Astrid is returning home from art school on Mars, looking for inspiration. Darling is fleeing a life that never fit, searching for somewhere to hide. They meet on Deep Wheel Orcadia, a distant space station struggling for survival as the pace of change threatens to leave the community behind.

Deep Wheel Orcadia is a magical first: a science-fiction verse-novel written in the Orkney dialect. This unique adventure in minority language poetry comes with a parallel translation into playful and vivid English, so the reader will miss no nuance of the original. The rich and varied cast weaves a compelling, lyric and effortlessly readable story around place and belonging, work and economy, generation and gender politics, love and desire – all with the lightness of touch, fluency and musicality one might expect of one the most talented poets to have emerged from Scotland in recent years.

Hailing from Orkney, Harry Josephine Giles is widely known as a fine poet and spellbindingly original performer of their own work; Deep Wheel Orcadia now strikes out into audacious new space.

Sci fi, verse, Orkney dialect…. colour me intrigued and again I feel a paper edition would be better than an electronic version with its parallel translations.

Children of Time, Adrian Tchaikovsky

Who will inherit this new Earth? The last remnants of the human race left a dying Earth, desperate to find a new home among the stars. Following in the footsteps of their ancestors, they discover the greatest treasure of the past age – a world terraformed and prepared for human life.
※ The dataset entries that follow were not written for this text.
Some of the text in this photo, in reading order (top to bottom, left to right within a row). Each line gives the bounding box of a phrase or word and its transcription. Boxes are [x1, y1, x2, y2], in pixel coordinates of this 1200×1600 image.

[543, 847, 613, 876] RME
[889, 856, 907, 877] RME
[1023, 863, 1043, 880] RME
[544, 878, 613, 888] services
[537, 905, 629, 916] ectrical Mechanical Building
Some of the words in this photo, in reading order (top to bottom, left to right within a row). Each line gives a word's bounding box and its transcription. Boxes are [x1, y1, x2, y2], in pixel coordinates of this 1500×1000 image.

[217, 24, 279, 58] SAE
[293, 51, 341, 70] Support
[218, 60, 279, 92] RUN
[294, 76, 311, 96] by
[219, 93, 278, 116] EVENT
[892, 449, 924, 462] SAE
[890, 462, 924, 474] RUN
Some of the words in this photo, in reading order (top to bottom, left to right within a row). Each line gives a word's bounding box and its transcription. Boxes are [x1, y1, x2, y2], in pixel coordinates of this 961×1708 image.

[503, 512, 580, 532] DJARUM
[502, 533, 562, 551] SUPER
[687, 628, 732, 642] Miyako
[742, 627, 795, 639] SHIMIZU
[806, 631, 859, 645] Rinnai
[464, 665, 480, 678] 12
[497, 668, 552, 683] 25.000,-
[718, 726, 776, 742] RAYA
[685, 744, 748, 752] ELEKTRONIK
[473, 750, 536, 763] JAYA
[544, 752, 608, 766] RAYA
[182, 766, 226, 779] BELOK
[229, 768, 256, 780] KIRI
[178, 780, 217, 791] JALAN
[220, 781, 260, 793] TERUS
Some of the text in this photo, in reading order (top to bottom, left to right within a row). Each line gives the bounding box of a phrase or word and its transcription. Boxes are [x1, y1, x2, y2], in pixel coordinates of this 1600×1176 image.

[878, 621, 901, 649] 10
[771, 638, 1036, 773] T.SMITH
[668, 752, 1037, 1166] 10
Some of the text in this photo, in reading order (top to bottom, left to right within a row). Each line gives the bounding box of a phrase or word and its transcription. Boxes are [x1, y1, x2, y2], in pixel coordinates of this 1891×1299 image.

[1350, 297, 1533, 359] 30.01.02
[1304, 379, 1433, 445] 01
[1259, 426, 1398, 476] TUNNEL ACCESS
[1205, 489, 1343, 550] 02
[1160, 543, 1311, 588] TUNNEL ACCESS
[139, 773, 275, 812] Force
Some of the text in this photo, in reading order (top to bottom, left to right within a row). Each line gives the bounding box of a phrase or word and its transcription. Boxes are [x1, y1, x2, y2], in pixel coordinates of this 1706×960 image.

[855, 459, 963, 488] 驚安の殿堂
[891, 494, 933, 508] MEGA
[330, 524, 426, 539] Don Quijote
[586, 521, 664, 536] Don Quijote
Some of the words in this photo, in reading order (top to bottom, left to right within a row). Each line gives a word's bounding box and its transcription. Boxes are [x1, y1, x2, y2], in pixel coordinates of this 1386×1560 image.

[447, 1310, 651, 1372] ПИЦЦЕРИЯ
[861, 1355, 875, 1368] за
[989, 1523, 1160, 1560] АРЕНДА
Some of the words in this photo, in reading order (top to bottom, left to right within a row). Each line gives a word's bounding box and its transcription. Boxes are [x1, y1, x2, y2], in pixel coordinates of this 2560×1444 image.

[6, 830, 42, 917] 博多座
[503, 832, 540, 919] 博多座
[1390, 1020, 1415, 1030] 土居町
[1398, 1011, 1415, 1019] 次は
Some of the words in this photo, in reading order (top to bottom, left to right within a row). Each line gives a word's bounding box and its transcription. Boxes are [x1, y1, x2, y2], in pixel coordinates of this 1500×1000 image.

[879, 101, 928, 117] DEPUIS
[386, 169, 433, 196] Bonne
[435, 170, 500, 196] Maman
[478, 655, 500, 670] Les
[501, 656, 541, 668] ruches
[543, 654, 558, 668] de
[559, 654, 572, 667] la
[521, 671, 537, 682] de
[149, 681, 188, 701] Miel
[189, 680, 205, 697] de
But all is not right in this new Eden. In the long years since the planet was abandoned, the work of its architects has borne disastrous fruit. The planet is not waiting for them, pristine and unoccupied. New masters have turned it from a refuge into mankind’s worst nightmare.

Now two civilizations are on a collision course, both testing the boundaries of what they will do to survive. As the fate of humanity hangs in the balance, who are the true heirs of this new Earth?

I enjoyed Shards of Earth and Eyes of the Void for what they are: good unapologetic space opera. Certainly, enjoyed them enough to embark on the Children of Time series.

A Prayer for the Crown Shy, Becky Chambers

After touring the rural areas of Panga, Sibling Dex (a Tea Monk of some renown) and Mosscap (a robot sent on a quest to determine what humanity really needs) turn their attention to the villages and cities of the little moon they call home. They hope to find the answers they seek, while making new friends, learning new concepts, and experiencing the entropic nature of the universe.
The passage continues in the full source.